Cad. Pesqui. vol.51  São Paulo  2021  Epub 22-Abr-2021

https://doi.org/10.1590/198053147736 

Resenhas

O ENSINO SUPERIOR EM FACE DAS MUTAÇÕES NO MUNDO DO TRABALHO: UM DEBATE NECESSÁRIO

Fabrício Aparecido BuenoI 
http://orcid.org/0000-0003-1351-6666

Sérgio Dias CirinoII 
http://orcid.org/0000-0002-5835-0068

IUniversidade Federal de Minas Gerais (UFMG), Belo Horizonte (MG), Brasil; fabricioapbueno@hotmail.com

IIUniversidade Federal de Minas Gerais (UFMG), Belo Horizonte (MG), Brasil; sergiocirino99@yahoo.com

Moraes, R. C.. 2019. Ensino superior e formação para o trabalho: Reflexões sobre a experiência norte-americana.

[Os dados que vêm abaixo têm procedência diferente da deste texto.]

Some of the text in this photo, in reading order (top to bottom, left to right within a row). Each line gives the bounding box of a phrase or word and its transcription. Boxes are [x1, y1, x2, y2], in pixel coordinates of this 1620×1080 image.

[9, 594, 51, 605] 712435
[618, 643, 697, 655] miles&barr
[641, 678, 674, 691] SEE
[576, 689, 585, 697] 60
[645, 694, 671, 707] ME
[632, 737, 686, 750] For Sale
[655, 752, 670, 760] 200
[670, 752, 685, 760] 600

Unesp, 143pp.


No mundo todo, tem se apresentado como uma tarefa cada vez mais premente na agenda de governantes e pesquisadores de diferentes áreas pautar a discussão sobre os rumos das políticas de formação profissional em face das novas configurações assumidas pelo mundo do trabalho (Takayanagui, 2012). Nesse cenário, ganham proeminência os debates em torno da relevância social da educação de nível superior, particularmente no que diz respeito a como ela deve se organizar para atender aos novos ditames econômicos e laborais de uma sociedade em rápido ritmo de transformação.

O livro Ensino superior e formação para o trabalho: reflexões sobre a experiência norte-americana, de autoria do cientista e filósofo político Reginaldo Corrêa de Moraes, presta uma salutar contribuição a esse campo de discussões, ao trazer análises bastante oportunas sobre como esse debate vem sendo travado no contexto norte-americano. A pertinência da obra mostra-se, em especial, pela capacidade do autor de conseguir oferecer uma valiosa descrição sobre dilemas presentes no campo de interface entre ensino superior e formação para o trabalho nos Estados Unidos (EUA), um país cujo sistema educacional por vezes aparece enaltecido, no âmbito das recomendações de organismos multilaterais (como Banco Mundial, Comissão Econômica para América Latina e Caribe, Fundo Monetário Internacional, dentre outros), como modelo a ser seguido no que tange ao modo como a educação superior deve se adaptar às exigências de uma economia globalizada e às características de um mundo do trabalho em mutação (Sguissardi, 2009).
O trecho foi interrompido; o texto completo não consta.